** Required work **
If a picture appears in the records, leave it out and transcribe the rest exactly.

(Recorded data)
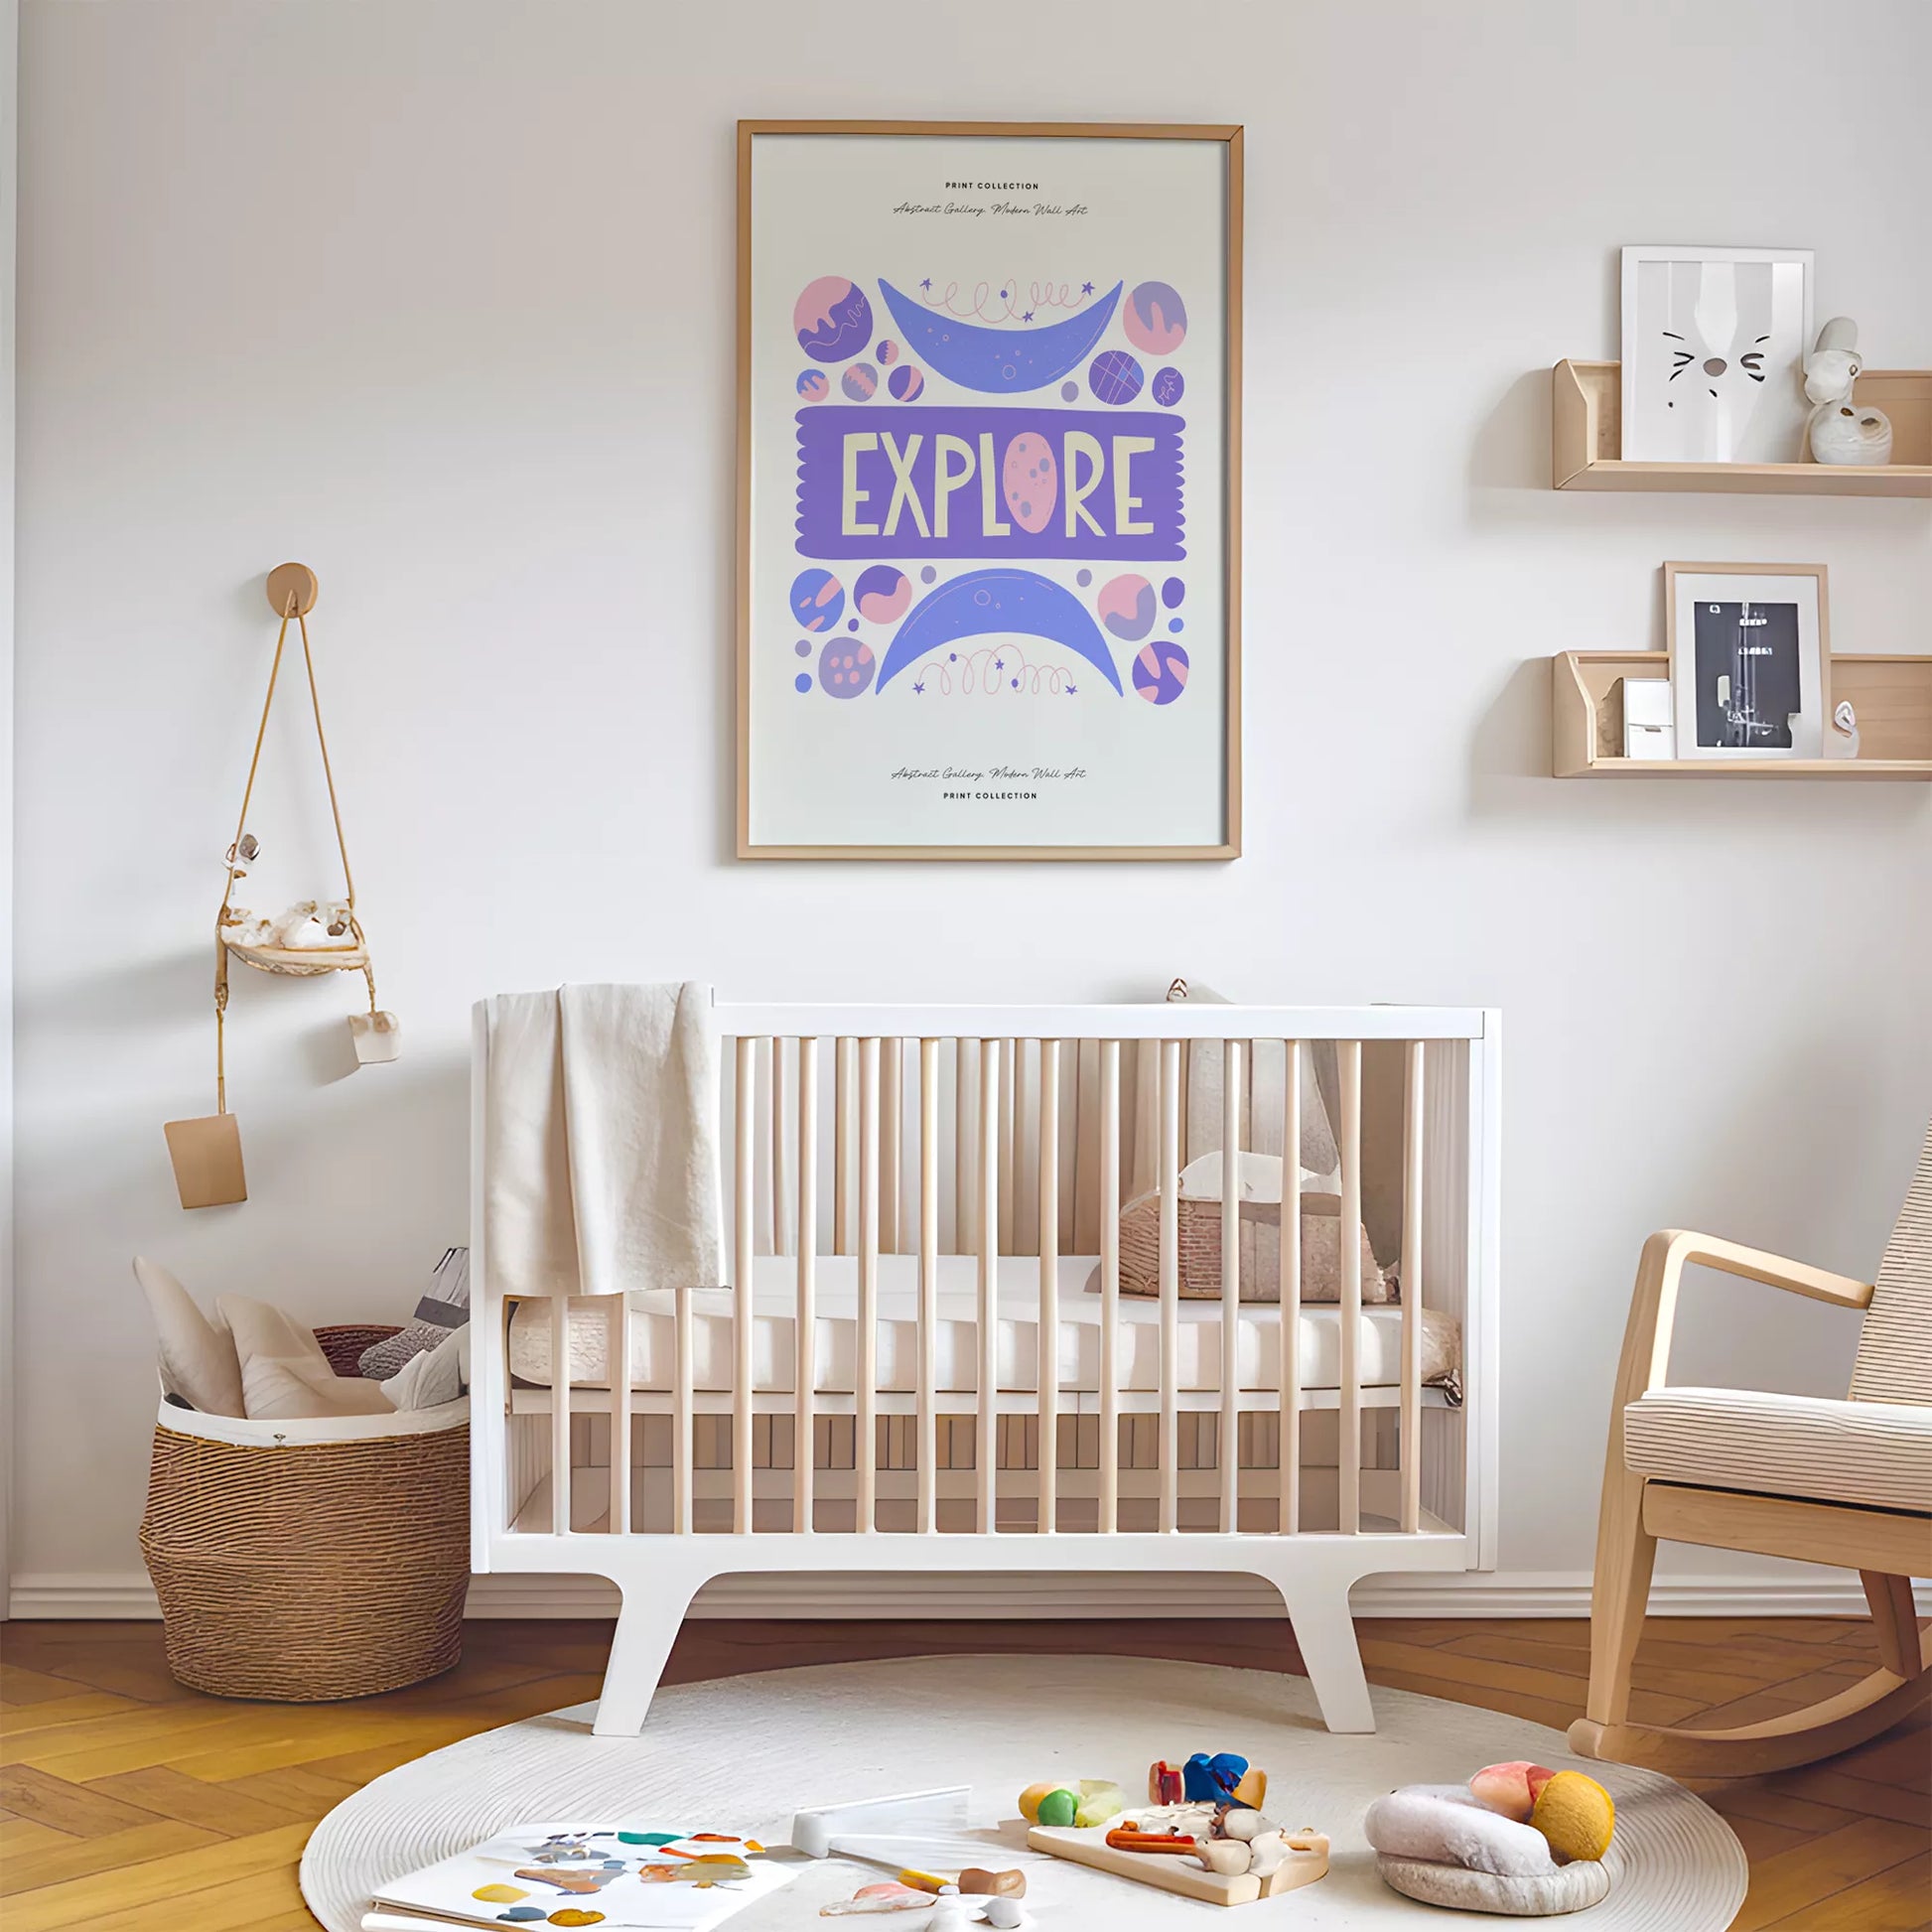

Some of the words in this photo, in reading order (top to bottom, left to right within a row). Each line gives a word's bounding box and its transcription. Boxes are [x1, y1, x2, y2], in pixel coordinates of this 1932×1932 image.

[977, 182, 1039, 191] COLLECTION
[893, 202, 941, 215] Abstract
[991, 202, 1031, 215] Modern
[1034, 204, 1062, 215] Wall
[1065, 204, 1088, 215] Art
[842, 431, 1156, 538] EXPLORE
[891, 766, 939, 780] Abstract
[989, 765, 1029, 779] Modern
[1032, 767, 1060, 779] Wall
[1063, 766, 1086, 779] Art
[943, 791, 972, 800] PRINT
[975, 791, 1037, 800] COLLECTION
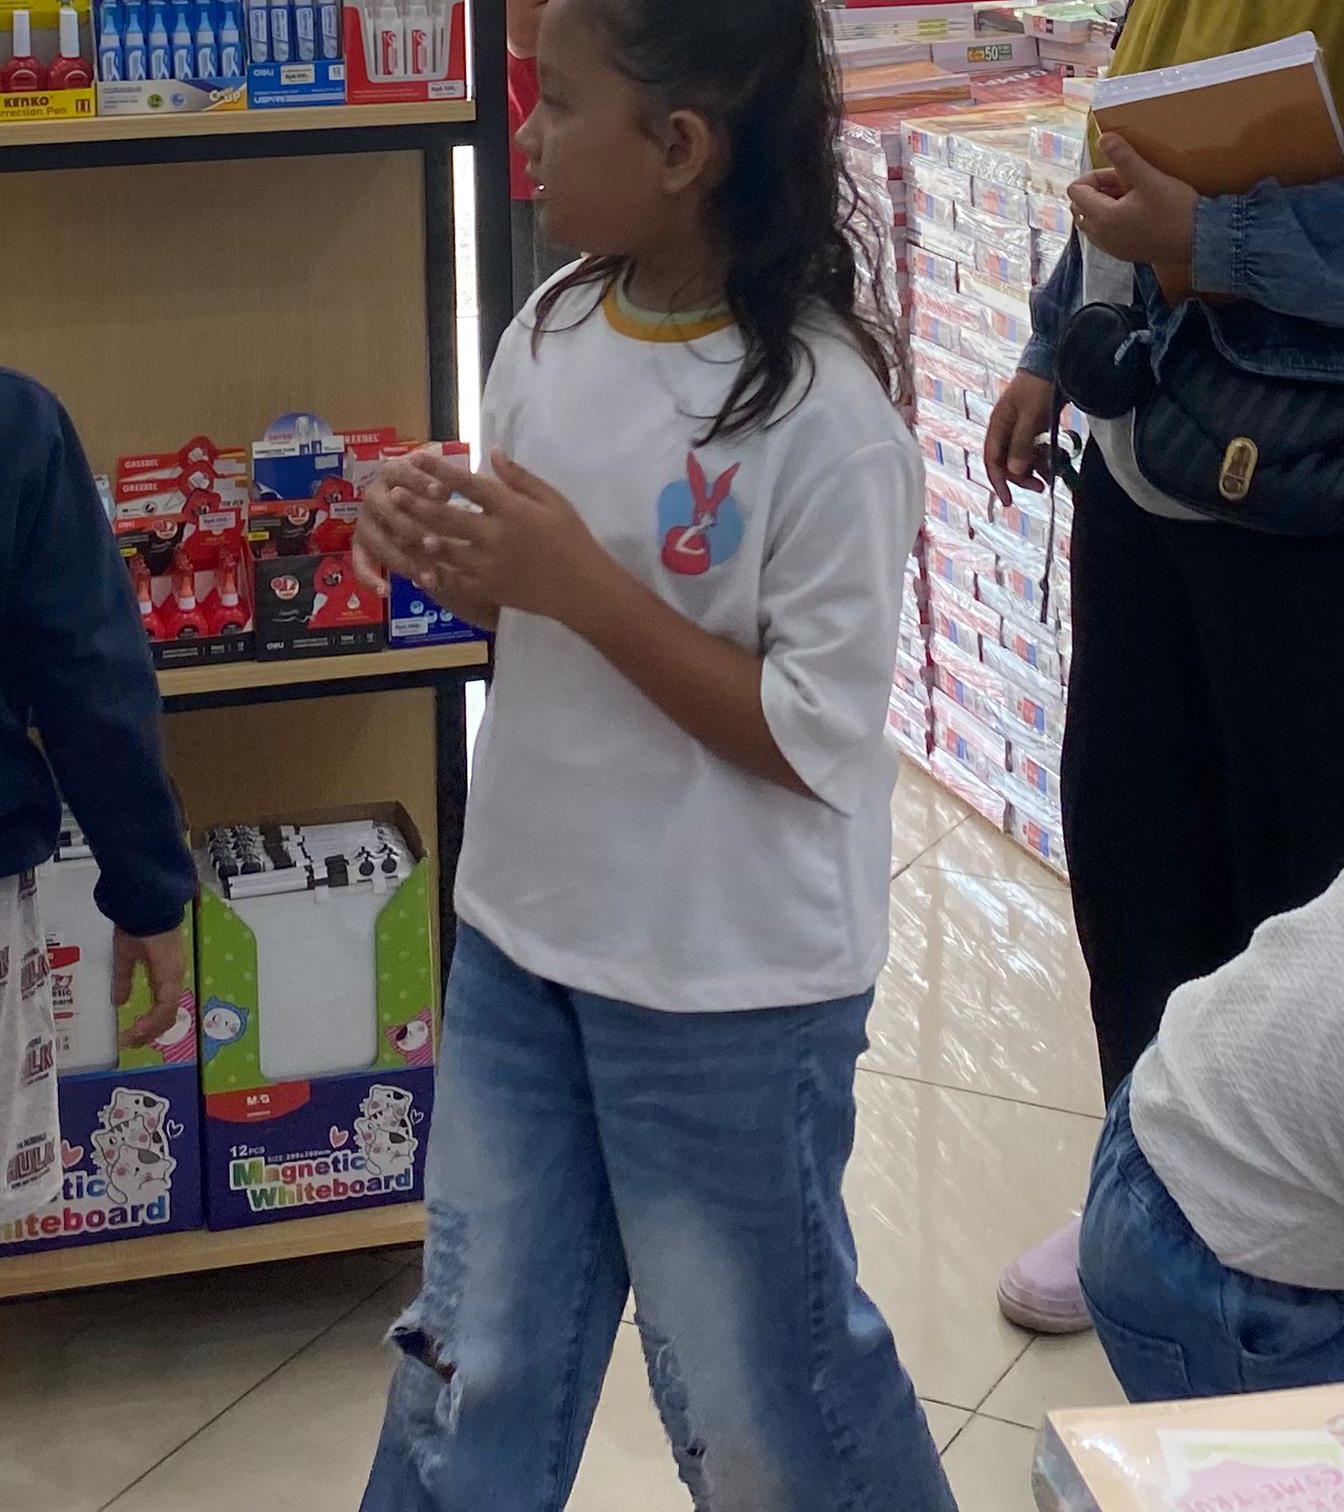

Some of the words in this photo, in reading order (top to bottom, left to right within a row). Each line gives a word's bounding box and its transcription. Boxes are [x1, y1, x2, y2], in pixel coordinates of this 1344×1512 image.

** Response to this exercise **
Some of the words in this photo, in reading order (top to bottom, left to right within a row). Each line gives a word's bounding box and its transcription. Boxes are [x1, y1, x2, y2], in pixel coordinates of this 1932×1932 image.

[977, 182, 1039, 191] COLLECTION
[893, 202, 941, 215] Abstract
[991, 202, 1031, 215] Modern
[1034, 204, 1062, 215] Wall
[1065, 204, 1088, 215] Art
[842, 431, 1156, 538] EXPLORE
[891, 766, 939, 780] Abstract
[989, 765, 1029, 779] Modern
[1032, 767, 1060, 779] Wall
[1063, 766, 1086, 779] Art
[943, 791, 972, 800] PRINT
[975, 791, 1037, 800] COLLECTION

Some of the words in this photo, in reading order (top to bottom, left to right within a row). Each line gives a word's bounding box and its transcription. Boxes are [x1, y1, x2, y2], in pixel coordinates of this 1344×1512 image.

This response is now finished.